Un hombre vendía gritos y palabras, y le iba bien, aunque en­contraba mucha gente que discutía los precios y solicitaba descuentos. El hombre accedía casi siempre, y así pudo vender muchos gritos de ven­dedores callejeros, algunos suspiros que le compraban señoras rentistas, y palabras para consignas, eslóganes, membretes y falsas ocurrencias.
Por fin el hombre supo que había llegado la hora y pidió audiencia al tiranuelo del país, que se parecía a todos sus colegas y lo recibió rodeado de generales, secretarios y tazas de café.
-Vengo a venderle sus últimas palabras -dijo el hom­bre-. Son muy importantes porque a usted nunca le van a salir bien en el momento, y en cambio le conviene decirlas en el duro trance
para configurar fácilmente un destino histórico retrospectivo.
-Traducí lo que dice -mandó el tiranuelo a su intérprete. -Habla en argentino, Excelencia.
-¿En argentino? ¿Y por qué no entiendo nada?
-Usted ha entendido muy bien -dijo el hombre-. Repito que vengo a vendede sus últimas palabras.
El tiranuelo se puso en pie como es de práctica en estas cir­cunstancias, y reprimiendo un temblor mandó que arrestaran al hom­bre y lo metieran en los calabozos especiales que siempre existen en esos ambientes gubernativos.
-Es lástima -dijo el hombre mientras se lo llevaban-. En realidad usted querrá decir sus últimas palabras cuando llegue el mo­mento, y necesitará decirlas para configurar fácilmente un destino his­tórico retrospectivo.
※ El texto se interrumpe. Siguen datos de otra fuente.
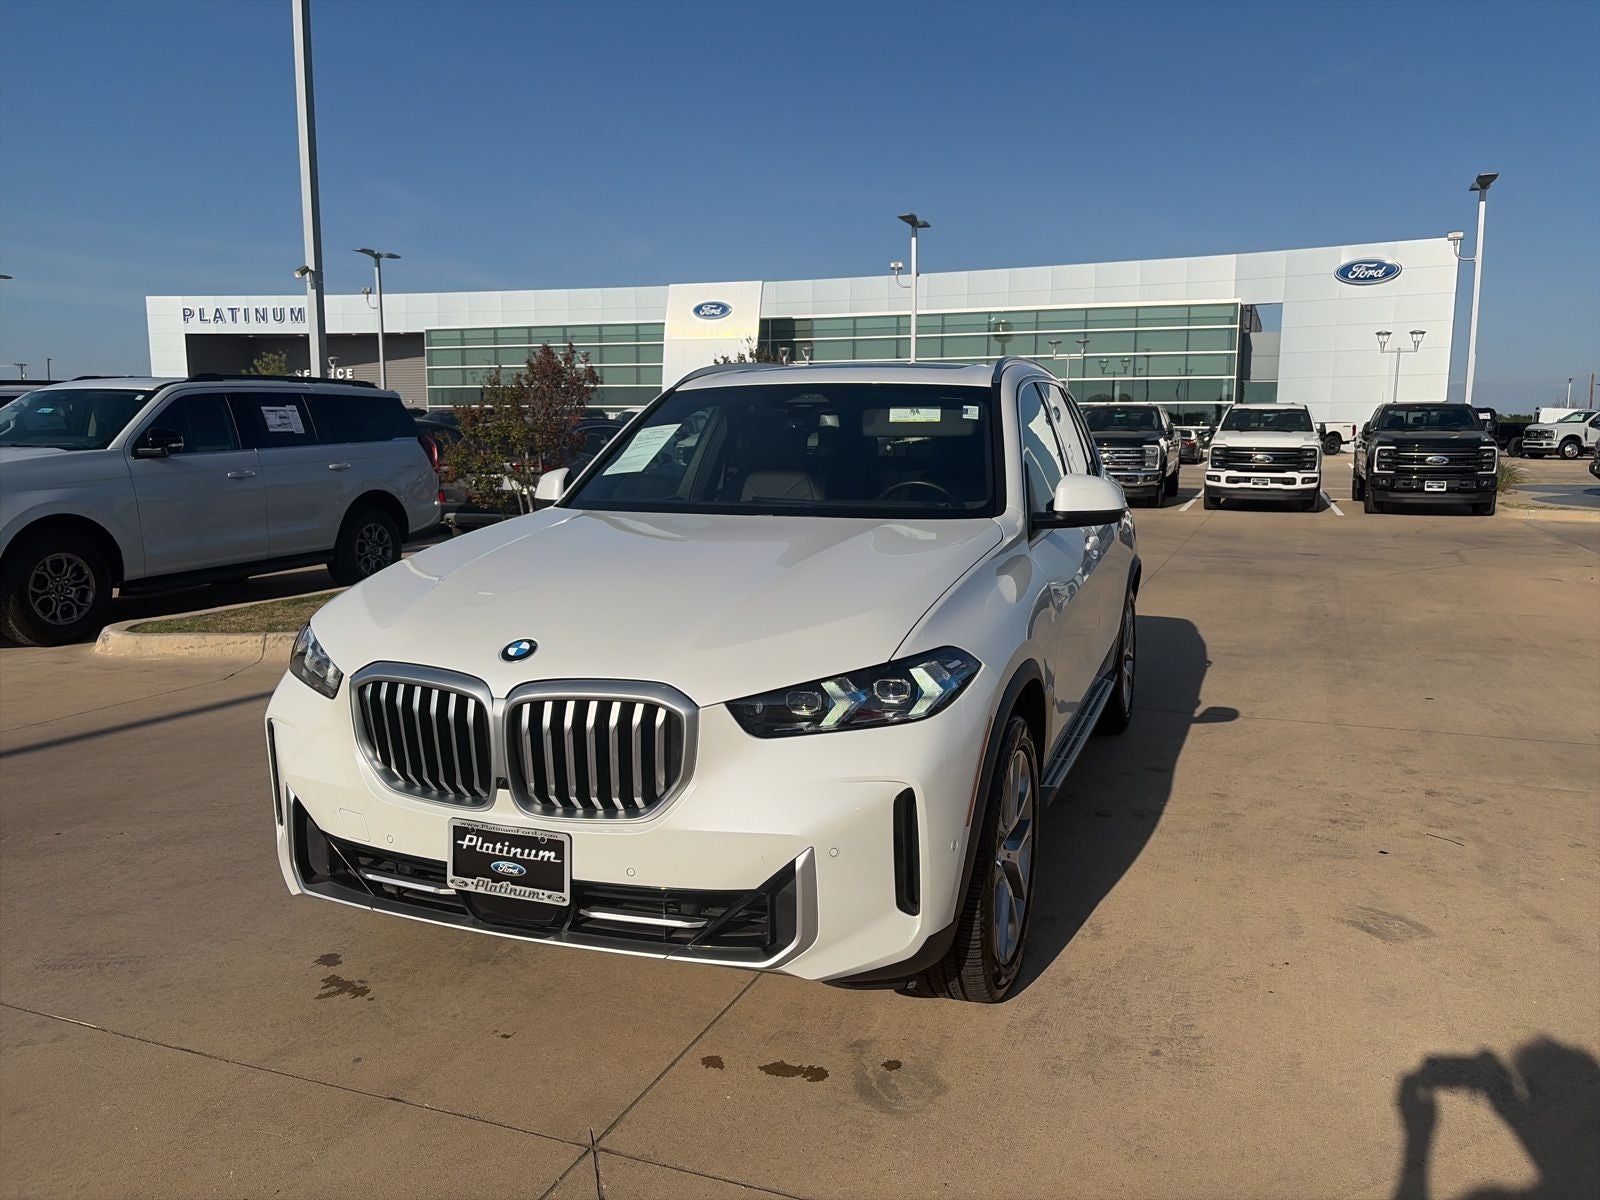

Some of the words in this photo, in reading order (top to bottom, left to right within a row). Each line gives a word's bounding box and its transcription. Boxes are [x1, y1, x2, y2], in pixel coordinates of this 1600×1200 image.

[1347, 263, 1387, 279] Ford
[182, 307, 306, 324] PLATINUM
[699, 304, 722, 316] Ford
[295, 368, 353, 379] SEICE
[457, 834, 562, 863] Platinum
[497, 863, 519, 874] Ford
[474, 878, 545, 901] Platinum
Lo que yo iba a venderle es lo que usted querrá decir, de modo que no hay engaño. Pero como no acepta el negocio, como no va a aprender por adelantado esas palabras, cuando llegue el momento en que quieran brotar por primera vez y naturalmente usted no podrá decirlas.
-¿Por qué no podré decirlas, si son las que he de querer decir? -preguntó el tiranuelo, ya frente a otra taza de café.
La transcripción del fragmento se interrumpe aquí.